But what surprised me tbh was looking at what the stock is *actually* pricing in right now at \~$45.
They guided for $6B in free cash flow this year. At today’s price, the market cap is around $41B. That’s almost a 15% FCF yield.
If you reverse engineer that using a basic Gordon Growth Model `($41B = $6B / (10% - g))`, the market is implying a growth rate of **-4.6%**.
So at a standard 10% discount rate, the market is pricing in a business whose free cash flow **declines by about 4-5% every single year, forever**.
That’s wild. Braintree is diluting their transaction margins and they have real issues to fix. But this is still a company processing nearly half a trillion dollars a quarter. It’s the default checkout button everywhere.

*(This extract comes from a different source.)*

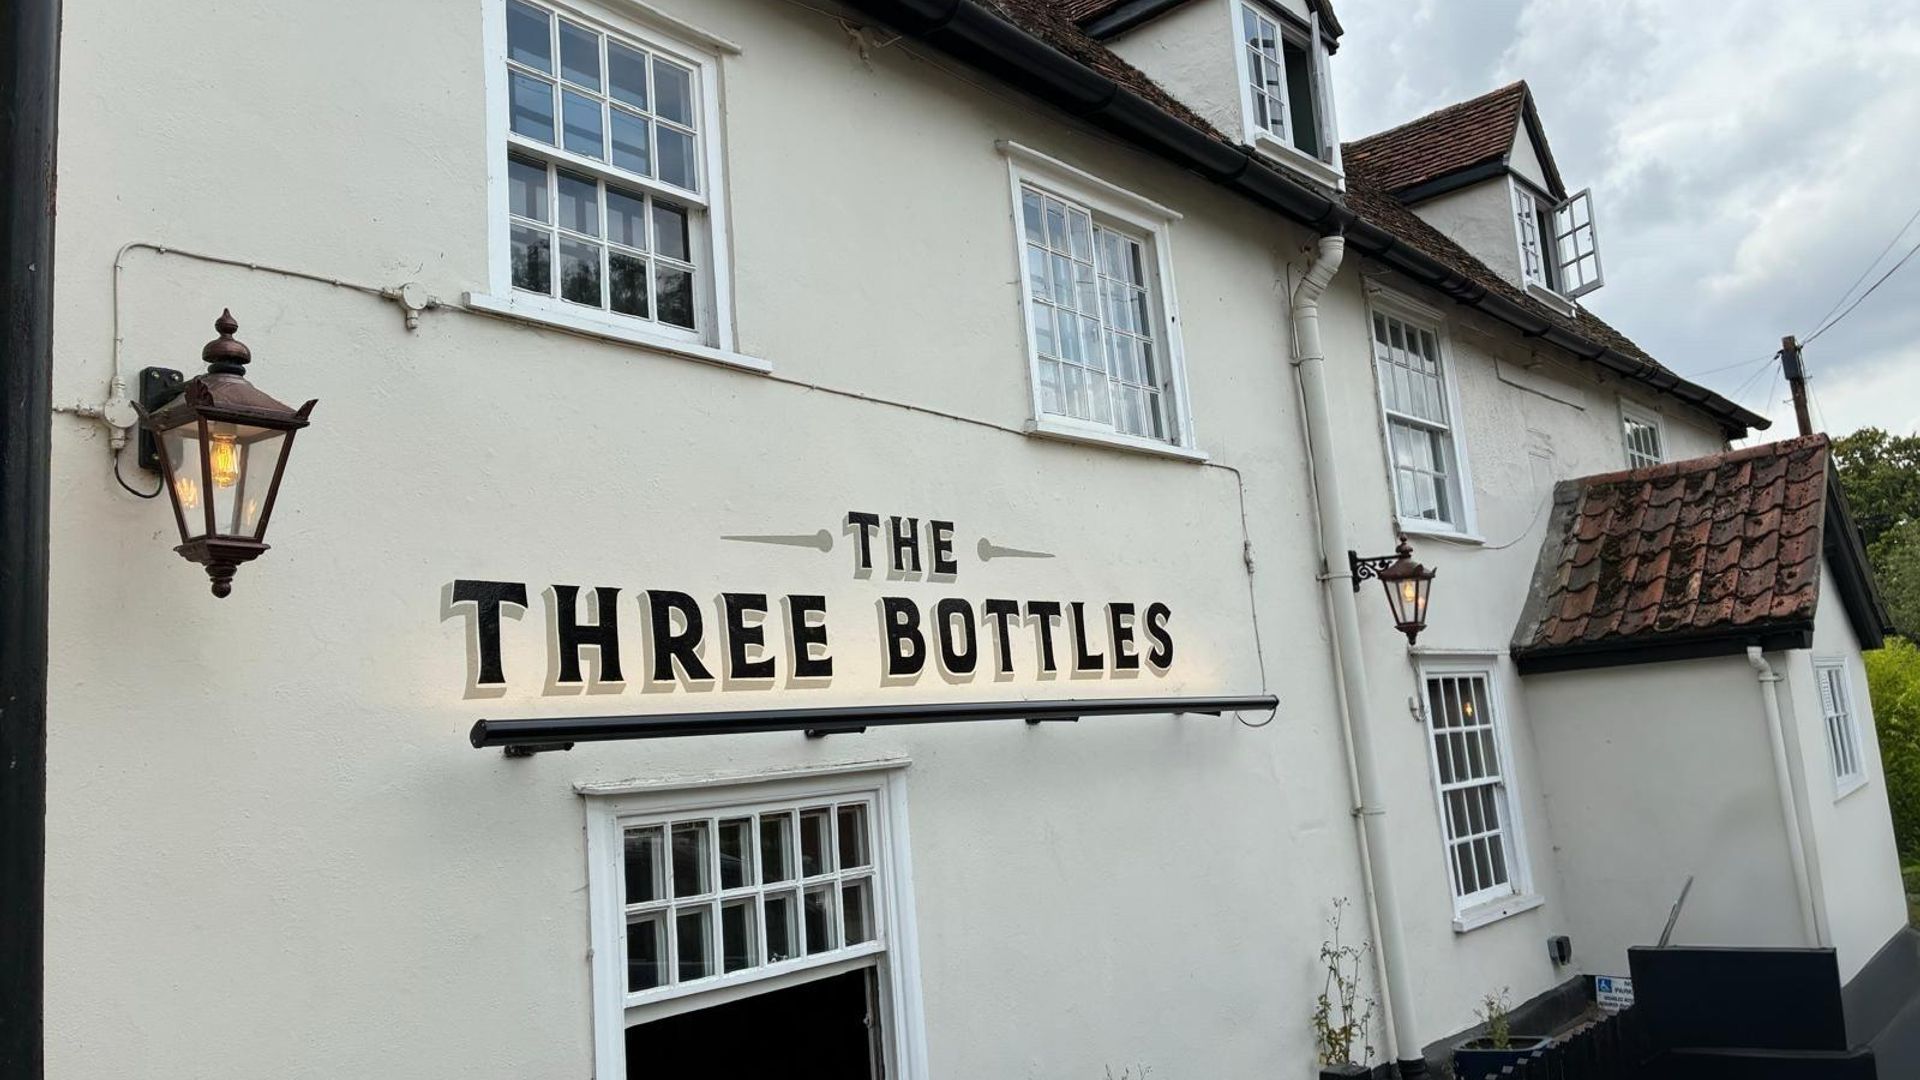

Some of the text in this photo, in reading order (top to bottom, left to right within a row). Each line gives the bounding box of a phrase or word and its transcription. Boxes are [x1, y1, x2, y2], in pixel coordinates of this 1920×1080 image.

[847, 511, 958, 577] THE
[447, 579, 1174, 690] THREE BOTTLES

Even if they literally never grow again and FCF just stays flat at $6B forever, the math says the stock should be worth around $60B (about 45% upside from here). The current price isn’t just pricing in “margins under pressure for a while,” it’s pricing in permanent decay. Or put another way, if the earning power declines slower than 4% until all capitals are exhausted, the investment will likely make money.
My full notes is [here](https://dullbusiness.substack.com/p/pypl-q1-2026-what-45-is-pricing-in) if you are interested in more detailed numbers.
PayPal guided $6B FCF for 2026, market cap is ~$41B, giving a 15% FCF yield. Gordon Growth Model implies a perpetual -4.6% decline rate. Even if FCF stays flat at $6B forever, the stock should be worth ~$60B (45% upside). The current price discounts permanent decay, not temporary margin pressure. The market overreacted to Q2 guidance; the intrinsic value floor is well above $45, making PYPL a compelling long at current levels. Continued payment mix shift to lower-margin Braintree; failure to stabilize take rate; aggressive competition from Apple Pay or BNPL; execution risk on cost controls.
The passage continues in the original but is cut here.